Ao invés de combater essa prática danosa, e até mesmo criminosa, a Proposta de Emenda à Constituição (PEC) 32/2020, a chamada reforma administrativa, pretende ampliá-la. O texto elaborado pelo governo Jair Bolsonaro pretende abrir todos os cargos em comissão e funções de confiança para qualquer pessoa indicada politicamente.

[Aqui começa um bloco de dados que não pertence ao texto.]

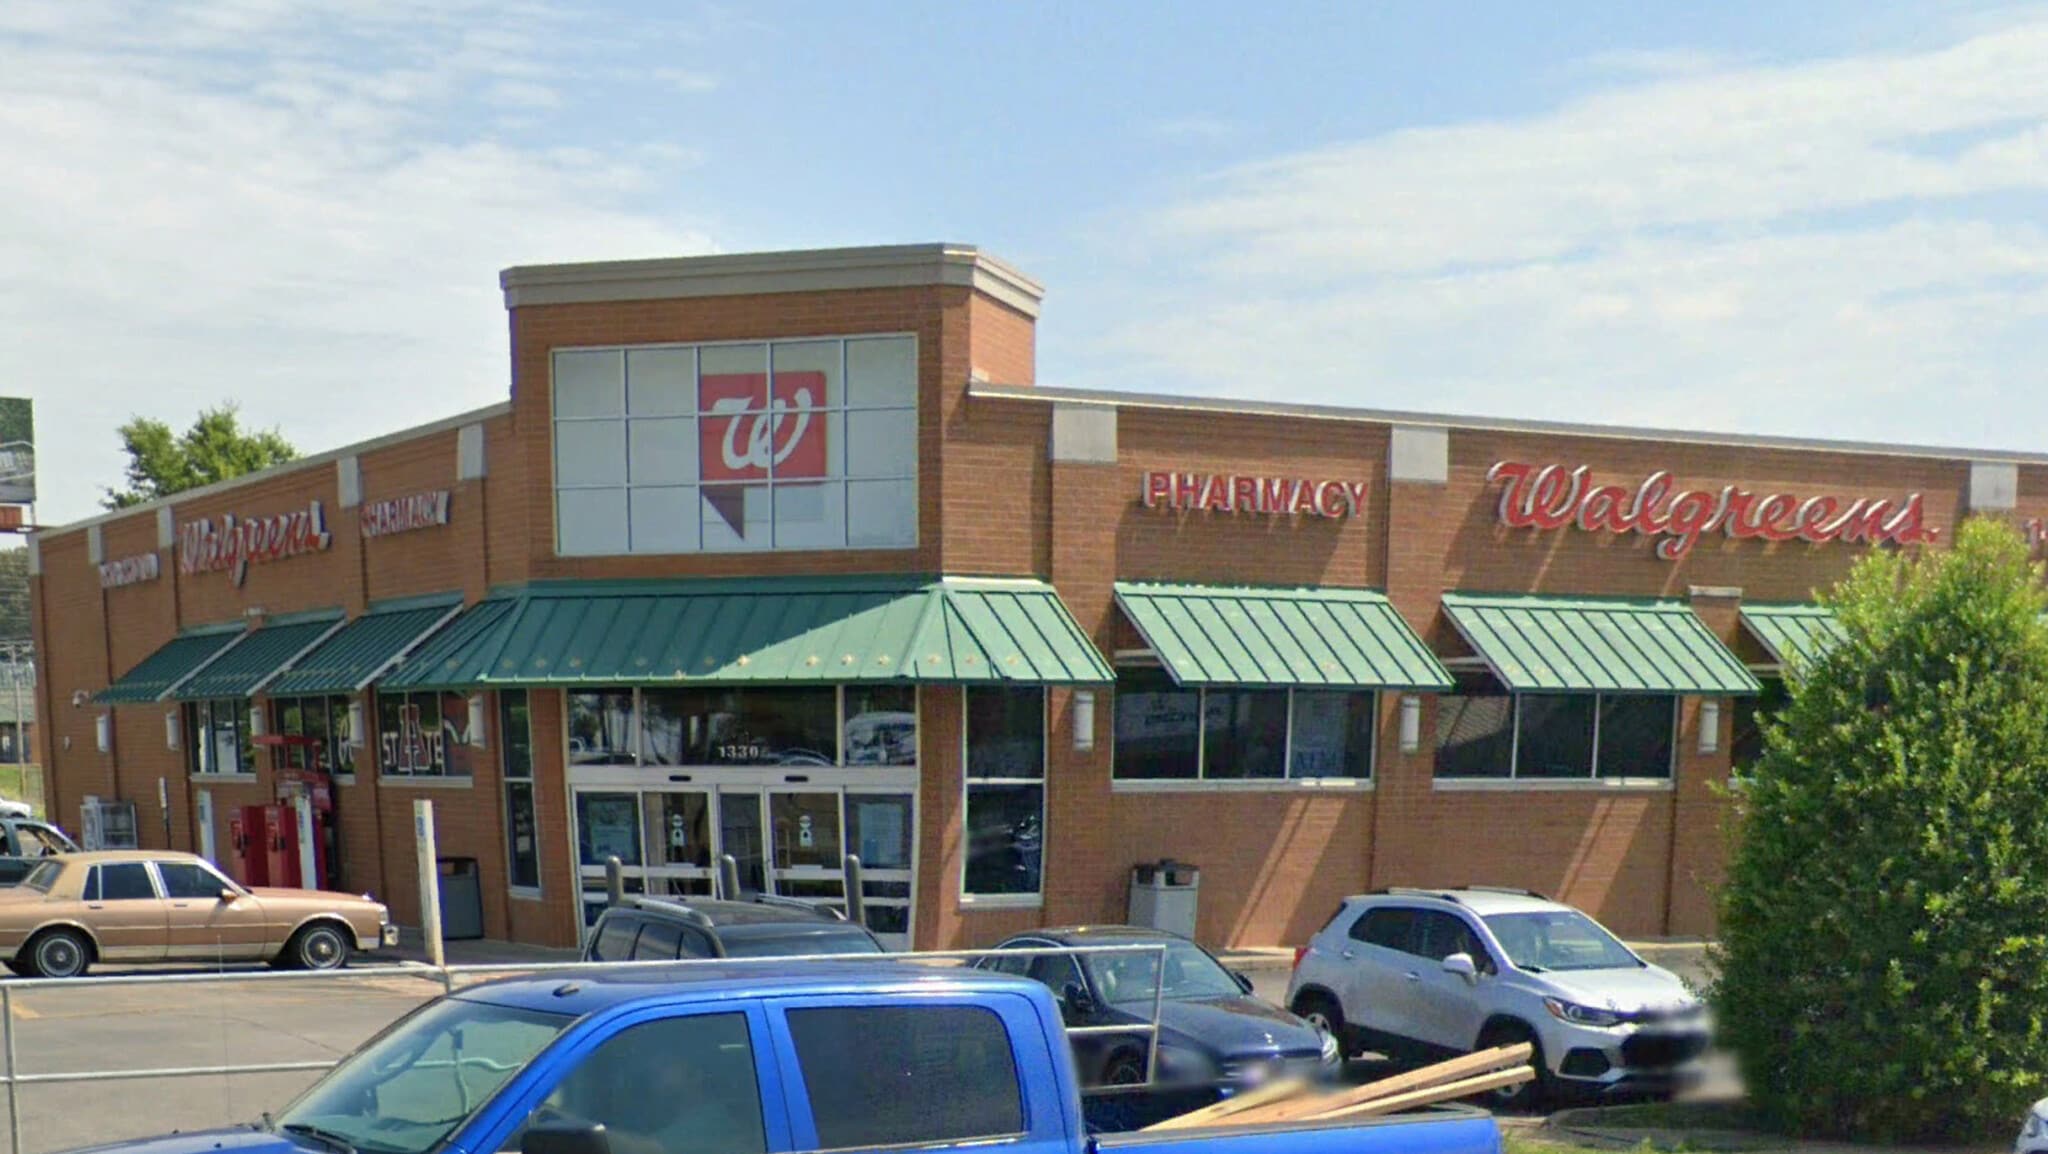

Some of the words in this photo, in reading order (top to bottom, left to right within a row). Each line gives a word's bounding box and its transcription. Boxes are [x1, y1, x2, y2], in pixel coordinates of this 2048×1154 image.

Levantamento do Senado Federal mostra que a reforma administrativa pode aumentar para mais de um milhão o número de indicados políticos no país. Será um exército de cabos eleitorais ocupando pontos estratégicos e muitas vezes agindo contra os próprios objetivos dos órgãos.
Não é difícil pensar em exemplos práticos, como o de um indicado político, com conhecimento técnico raso e sem compromisso com as boas práticas da administração pública, ocupando cargo estratégico em um hospital ou na Anvisa e recomendando produtos farmacêuticos sem eficácia comprovada.
Quais seriam os danos que indicados por empresas ou apadrinhados políticos poderiam provocar ao ocupar a maioria dos cargos no Ministério da Agricultura, Pecuária e Abastecimento (Mapa), responsável pelo registro de alimentos no Brasil?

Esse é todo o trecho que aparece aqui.